DATA IN THIS EXERCISE:
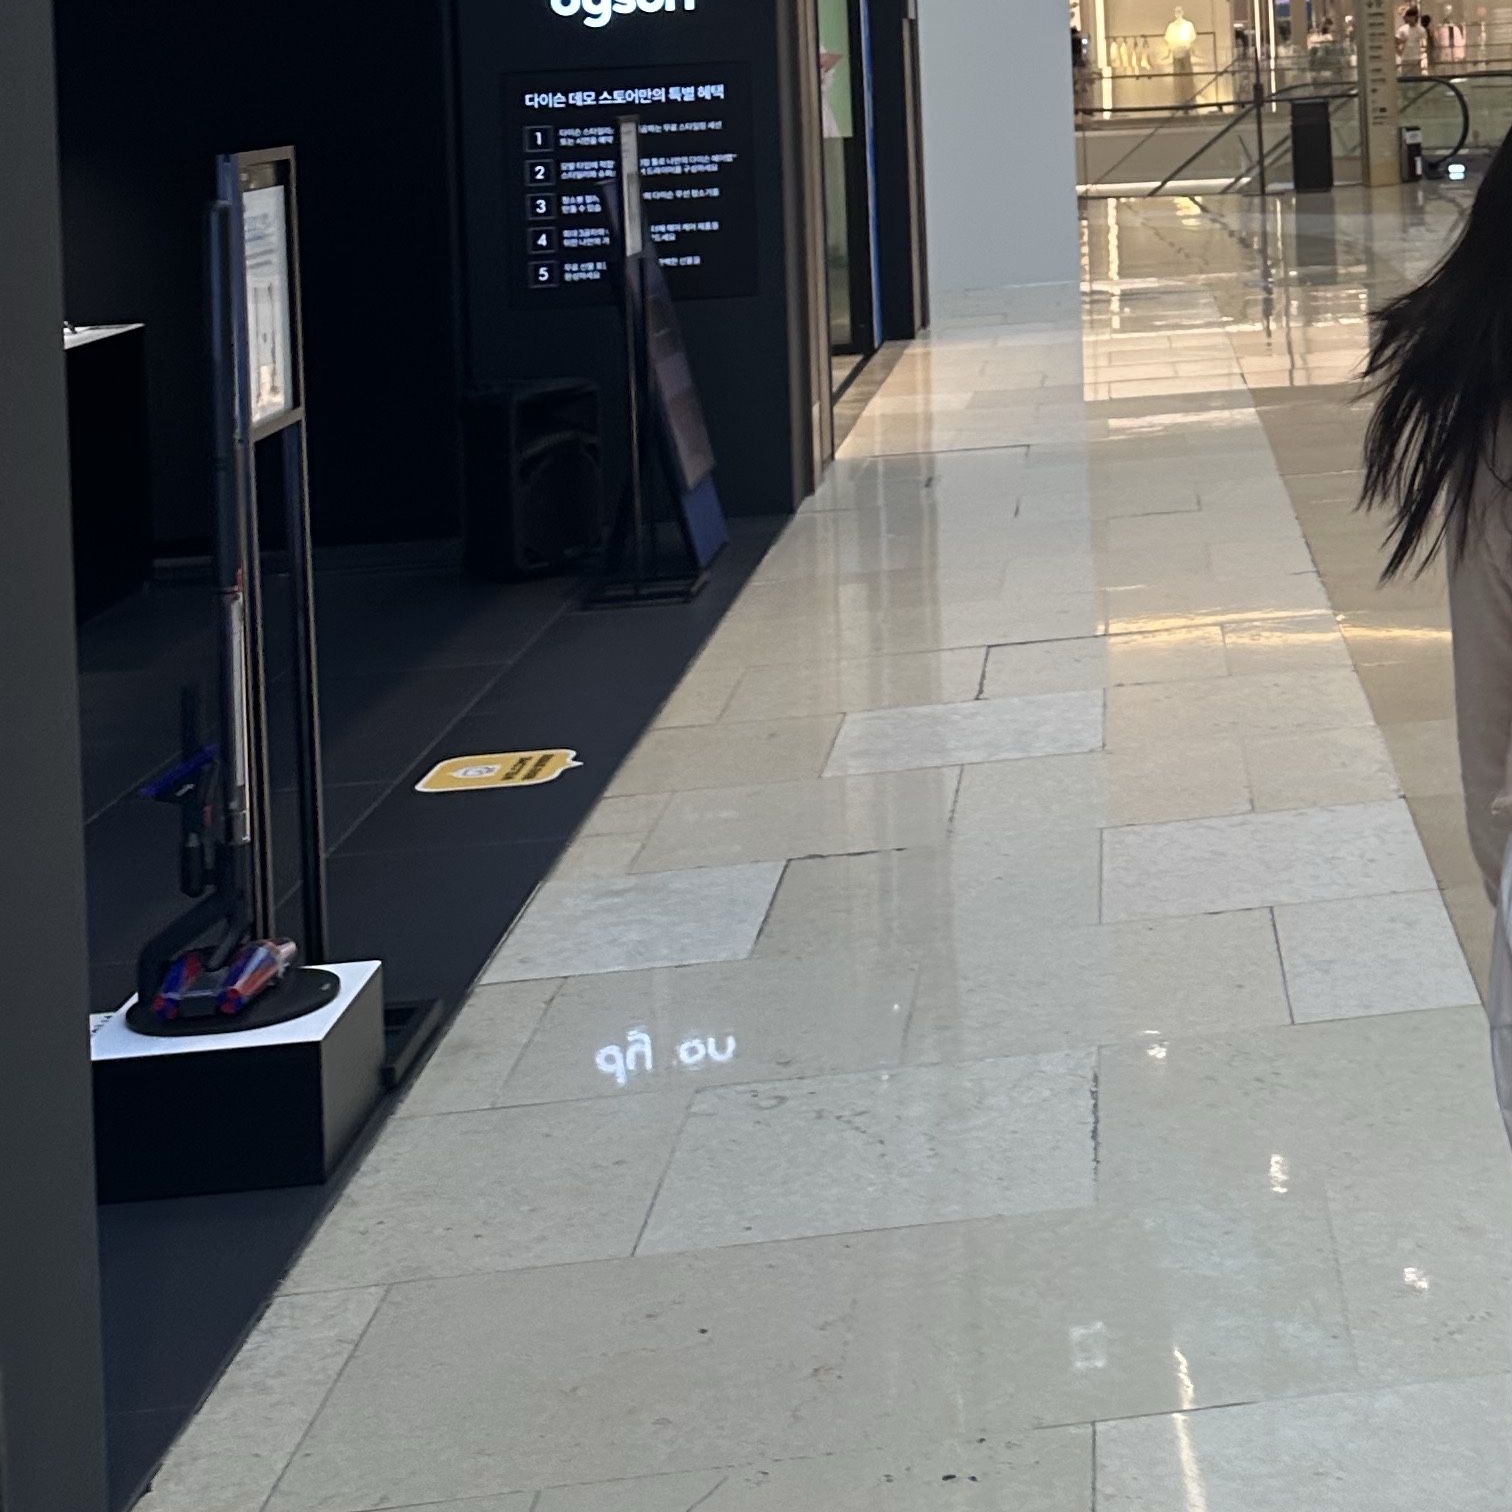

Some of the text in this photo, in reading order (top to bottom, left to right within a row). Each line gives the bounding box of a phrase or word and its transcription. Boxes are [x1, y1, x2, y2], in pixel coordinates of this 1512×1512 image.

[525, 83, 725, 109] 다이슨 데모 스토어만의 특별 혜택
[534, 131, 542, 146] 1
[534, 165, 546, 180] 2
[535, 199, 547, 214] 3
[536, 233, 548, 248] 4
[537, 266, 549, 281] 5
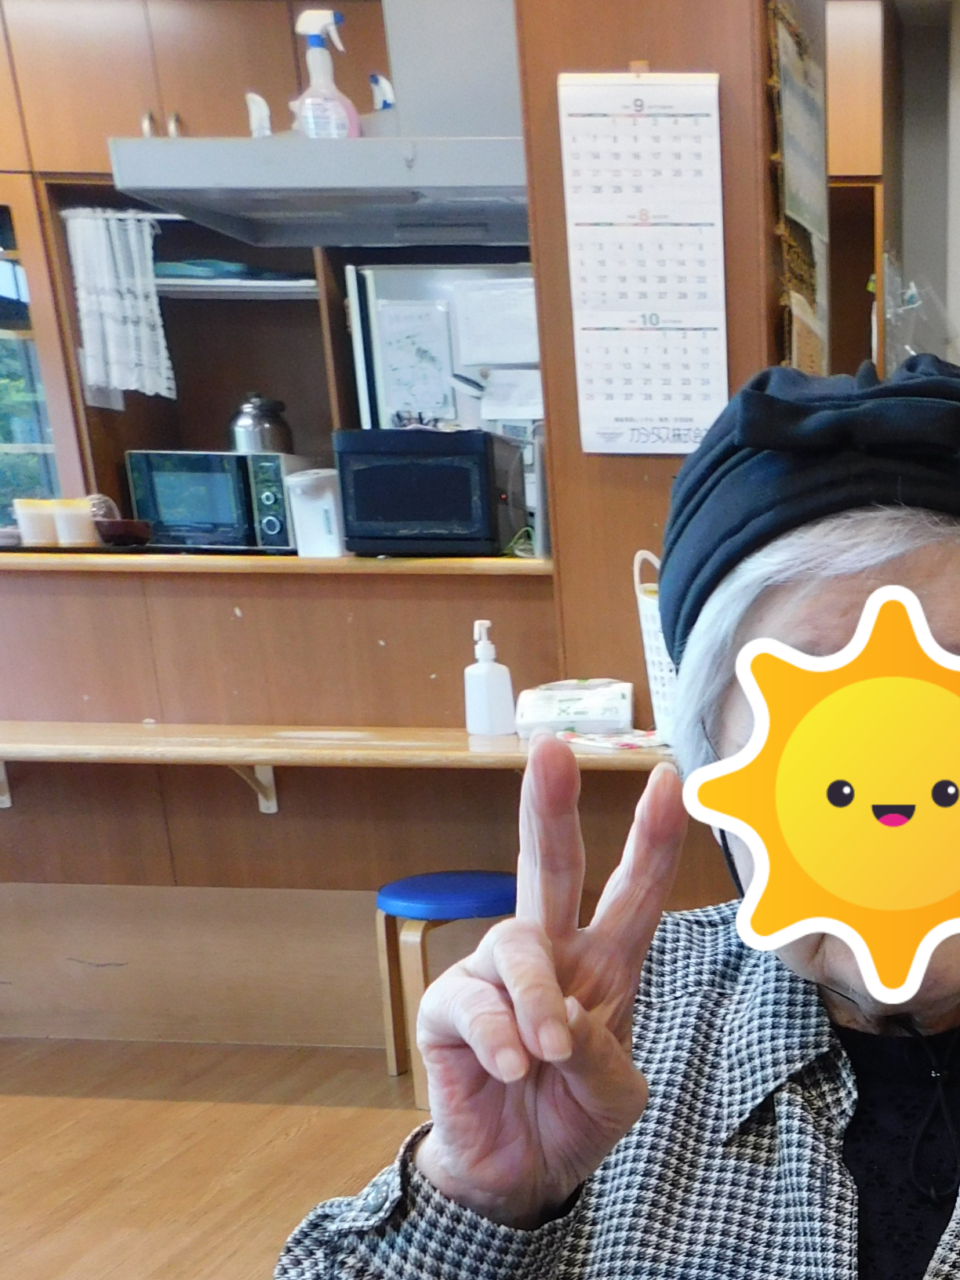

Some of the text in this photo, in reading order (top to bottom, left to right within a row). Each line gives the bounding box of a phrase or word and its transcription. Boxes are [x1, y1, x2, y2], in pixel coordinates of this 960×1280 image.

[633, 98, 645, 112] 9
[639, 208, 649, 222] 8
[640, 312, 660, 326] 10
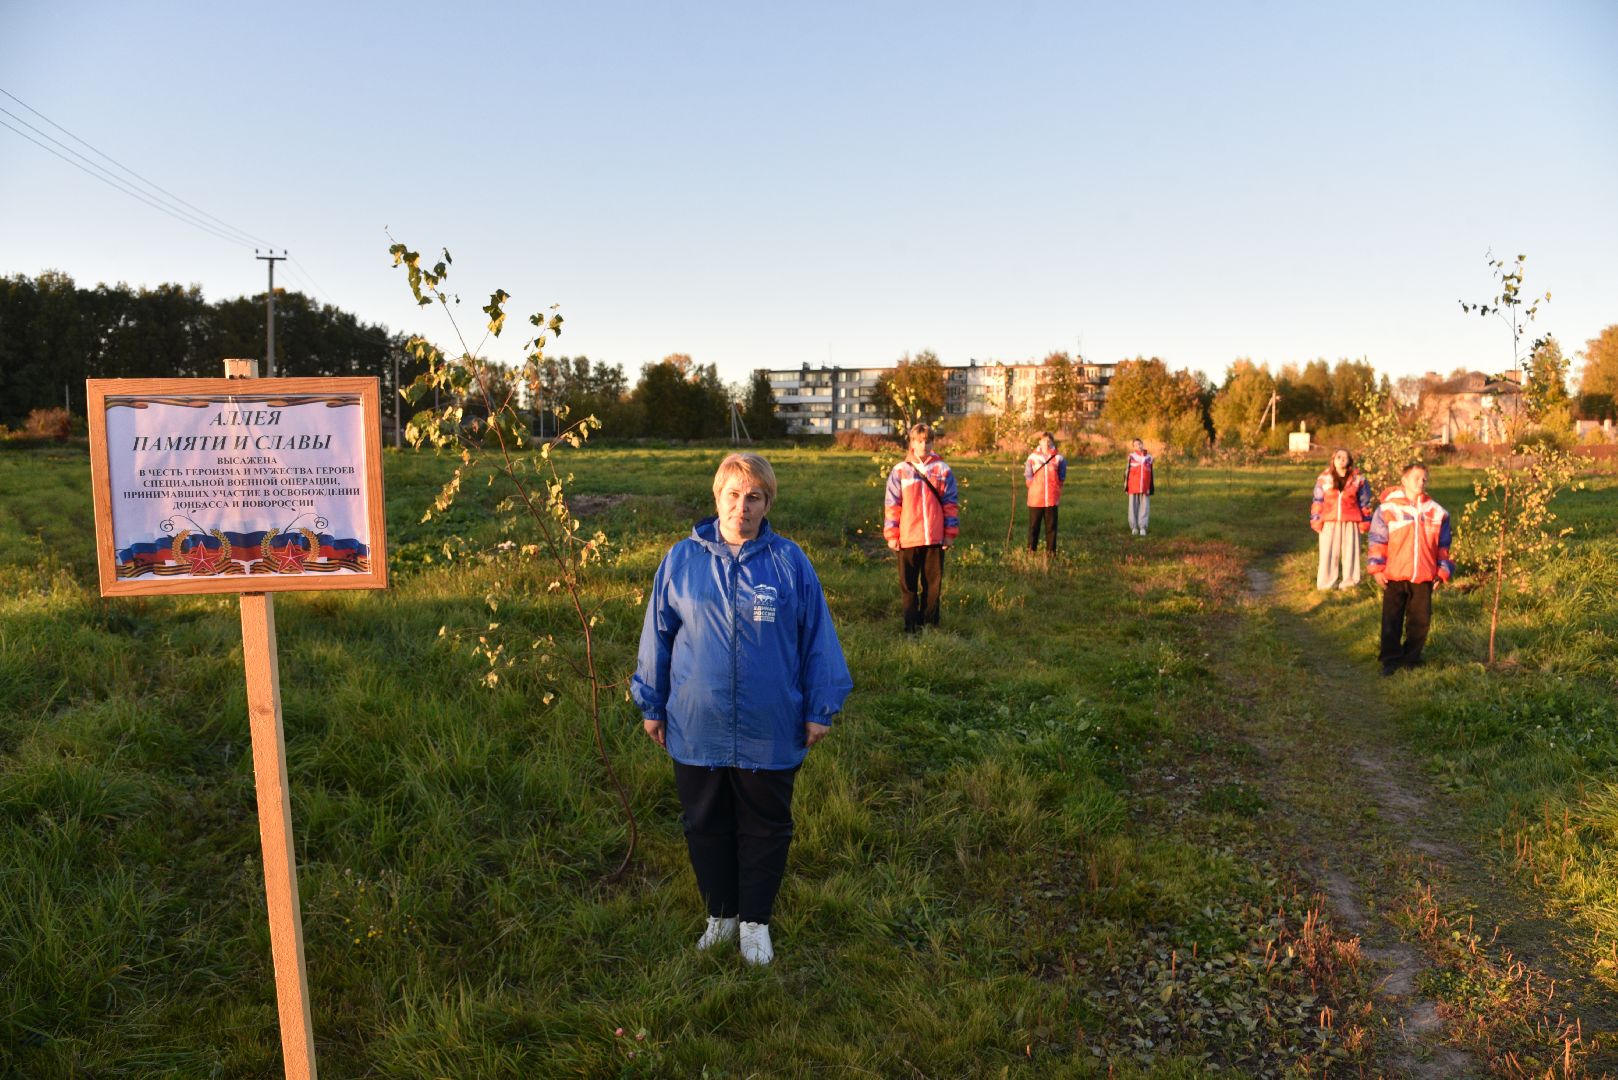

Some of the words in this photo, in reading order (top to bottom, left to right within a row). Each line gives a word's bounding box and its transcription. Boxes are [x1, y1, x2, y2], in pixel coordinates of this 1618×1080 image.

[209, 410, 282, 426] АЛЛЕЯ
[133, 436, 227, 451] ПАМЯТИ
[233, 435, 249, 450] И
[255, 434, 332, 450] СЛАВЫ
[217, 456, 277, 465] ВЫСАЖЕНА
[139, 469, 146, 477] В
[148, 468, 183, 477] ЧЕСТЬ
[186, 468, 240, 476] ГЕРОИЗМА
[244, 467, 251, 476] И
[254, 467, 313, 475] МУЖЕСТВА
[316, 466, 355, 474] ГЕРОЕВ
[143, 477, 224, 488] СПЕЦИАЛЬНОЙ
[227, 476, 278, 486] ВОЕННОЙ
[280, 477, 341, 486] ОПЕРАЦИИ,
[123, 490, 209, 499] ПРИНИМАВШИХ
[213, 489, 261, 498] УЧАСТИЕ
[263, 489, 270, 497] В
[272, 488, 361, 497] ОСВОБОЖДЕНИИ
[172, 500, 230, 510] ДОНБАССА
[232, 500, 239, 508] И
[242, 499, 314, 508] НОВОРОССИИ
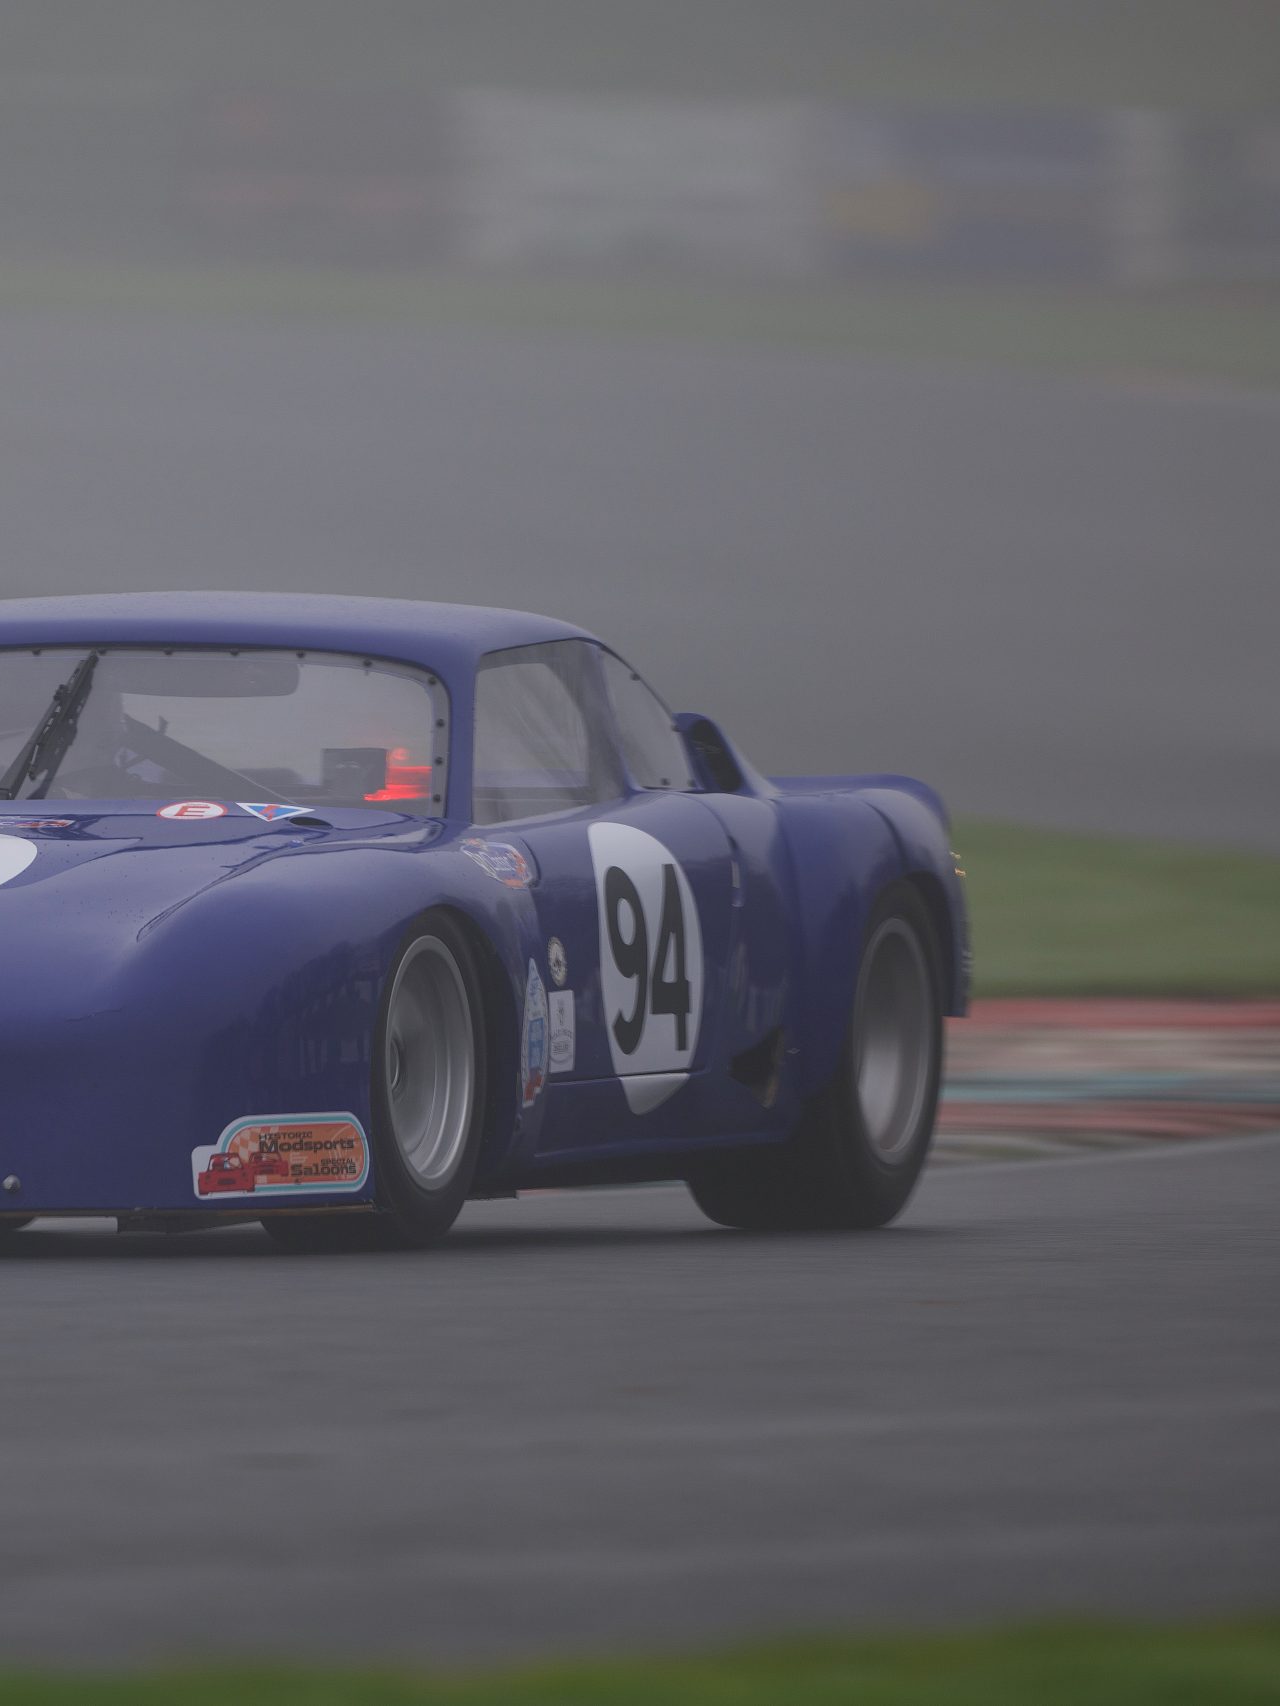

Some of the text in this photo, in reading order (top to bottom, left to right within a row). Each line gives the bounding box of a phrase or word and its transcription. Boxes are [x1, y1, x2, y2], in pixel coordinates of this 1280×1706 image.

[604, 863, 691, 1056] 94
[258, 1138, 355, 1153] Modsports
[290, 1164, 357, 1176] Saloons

WHAT THE EXERCISE ASKS: Take the material above and set it down exactly, minus the images.

EXERCISE OUTPUT:
Some of the text in this photo, in reading order (top to bottom, left to right within a row). Each line gives the bounding box of a phrase or word and its transcription. Boxes are [x1, y1, x2, y2], in pixel coordinates of this 1512×1512 image.

[525, 83, 725, 109] 다이슨 데모 스토어만의 특별 혜택
[534, 131, 542, 146] 1
[534, 165, 546, 180] 2
[535, 199, 547, 214] 3
[536, 233, 548, 248] 4
[537, 266, 549, 281] 5

Some of the text in this photo, in reading order (top to bottom, left to right within a row). Each line gives the bounding box of a phrase or word and its transcription. Boxes are [x1, y1, x2, y2], in pixel coordinates of this 960×1280 image.

[633, 98, 645, 112] 9
[639, 208, 649, 222] 8
[640, 312, 660, 326] 10

Some of the words in this photo, in reading order (top to bottom, left to right within a row). Each line gives a word's bounding box and its transcription. Boxes are [x1, y1, x2, y2], in pixel coordinates of this 1618×1080 image.

[209, 410, 282, 426] АЛЛЕЯ
[133, 436, 227, 451] ПАМЯТИ
[233, 435, 249, 450] И
[255, 434, 332, 450] СЛАВЫ
[217, 456, 277, 465] ВЫСАЖЕНА
[139, 469, 146, 477] В
[148, 468, 183, 477] ЧЕСТЬ
[186, 468, 240, 476] ГЕРОИЗМА
[244, 467, 251, 476] И
[254, 467, 313, 475] МУЖЕСТВА
[316, 466, 355, 474] ГЕРОЕВ
[143, 477, 224, 488] СПЕЦИАЛЬНОЙ
[227, 476, 278, 486] ВОЕННОЙ
[280, 477, 341, 486] ОПЕРАЦИИ,
[123, 490, 209, 499] ПРИНИМАВШИХ
[213, 489, 261, 498] УЧАСТИЕ
[263, 489, 270, 497] В
[272, 488, 361, 497] ОСВОБОЖДЕНИИ
[172, 500, 230, 510] ДОНБАССА
[232, 500, 239, 508] И
[242, 499, 314, 508] НОВОРОССИИ

Some of the text in this photo, in reading order (top to bottom, left to right within a row). Each line gives the bounding box of a phrase or word and its transcription. Boxes are [x1, y1, x2, y2], in pixel coordinates of this 1280×1706 image.

[604, 863, 691, 1056] 94
[258, 1138, 355, 1153] Modsports
[290, 1164, 357, 1176] Saloons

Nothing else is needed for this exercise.